▸ **EXERCISE PROMPT**
Transcribe the records below in their entirety, and leave out each image.

▸ **STORED DATA**
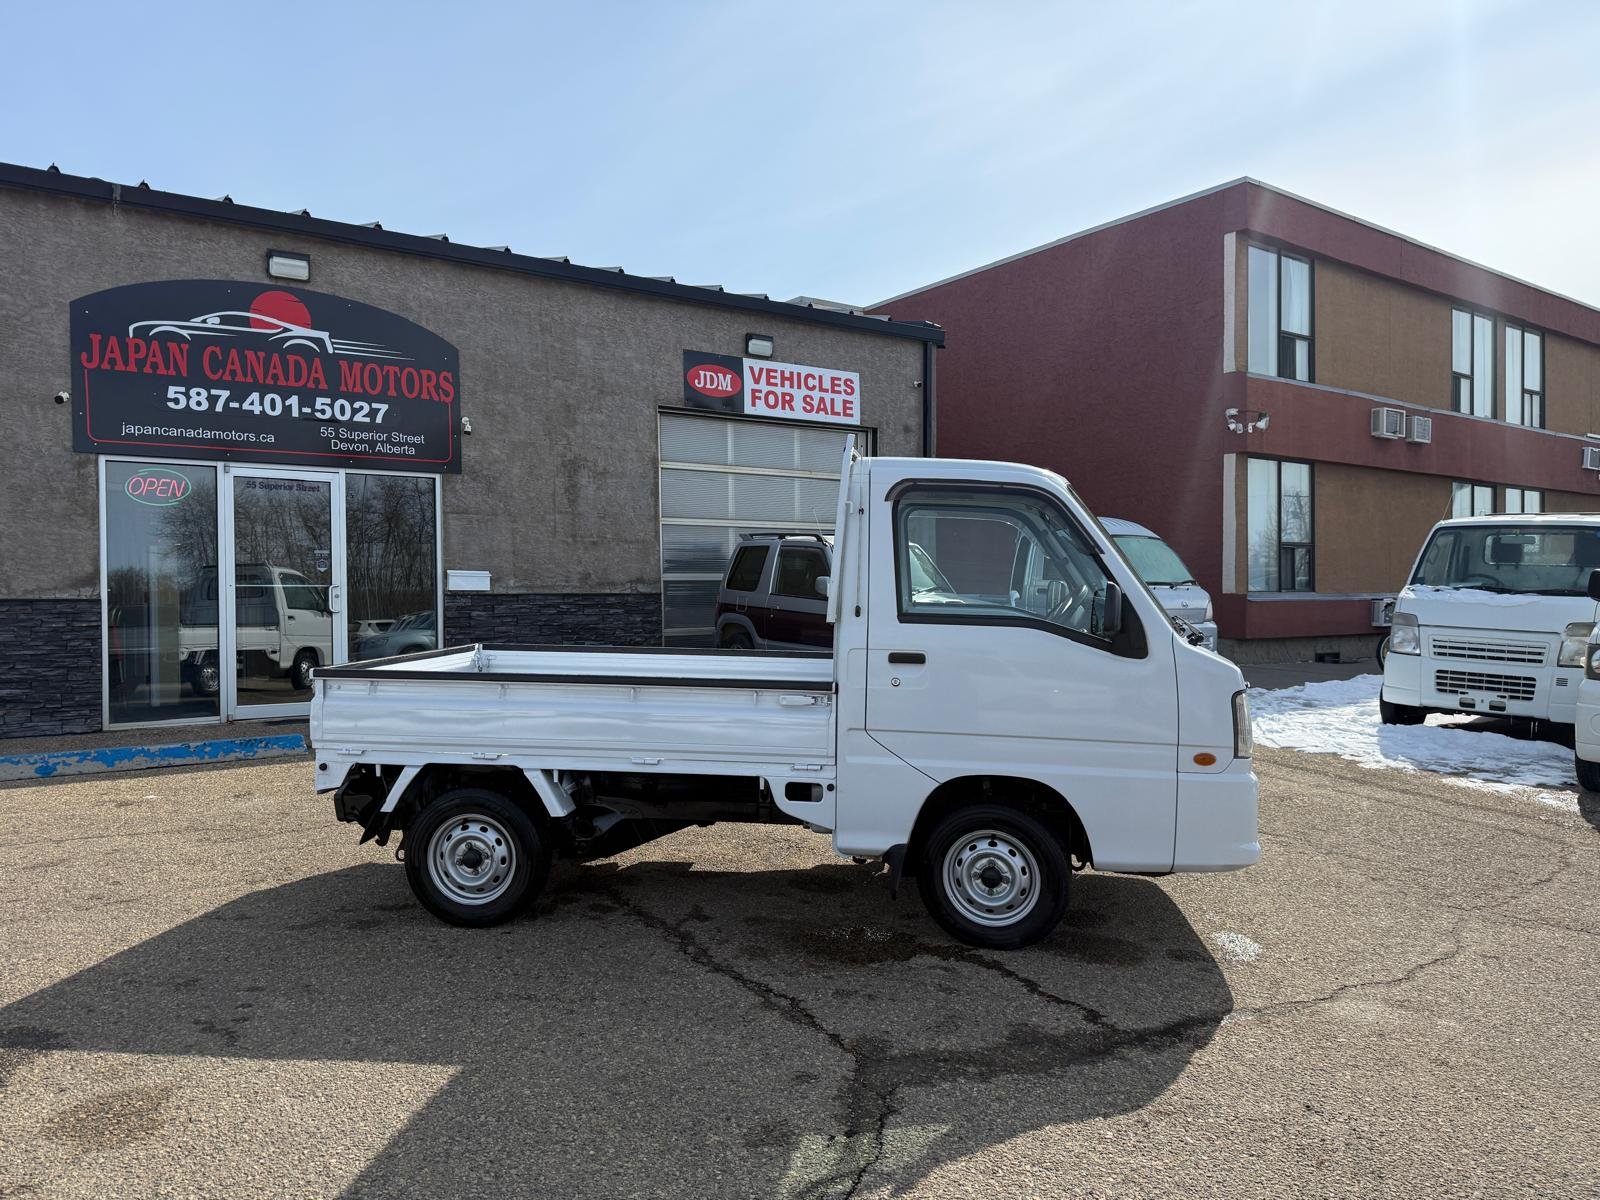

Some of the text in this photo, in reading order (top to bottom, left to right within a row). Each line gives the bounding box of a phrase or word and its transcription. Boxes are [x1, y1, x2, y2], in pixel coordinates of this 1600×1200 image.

[80, 333, 454, 404] JAPAN CANADA MOTORS
[695, 370, 733, 392] JDM
[749, 366, 856, 396] VEHICLES
[166, 385, 389, 424] 587-401-5027
[750, 388, 854, 417] FOR SALE
[121, 422, 275, 443] japancanadamotors.ca
[320, 427, 425, 444] 55 Superior Street
[331, 440, 416, 455] Devon, Alberta
[128, 476, 186, 498] OPEN
[246, 481, 320, 493] 55 Superior Street

▸ **SOLUTION FOR THIS TASK**
Some of the text in this photo, in reading order (top to bottom, left to right within a row). Each line gives the bounding box of a phrase or word and its transcription. Boxes are [x1, y1, x2, y2], in pixel coordinates of this 1600×1200 image.

[80, 333, 454, 404] JAPAN CANADA MOTORS
[695, 370, 733, 392] JDM
[749, 366, 856, 396] VEHICLES
[166, 385, 389, 424] 587-401-5027
[750, 388, 854, 417] FOR SALE
[121, 422, 275, 443] japancanadamotors.ca
[320, 427, 425, 444] 55 Superior Street
[331, 440, 416, 455] Devon, Alberta
[128, 476, 186, 498] OPEN
[246, 481, 320, 493] 55 Superior Street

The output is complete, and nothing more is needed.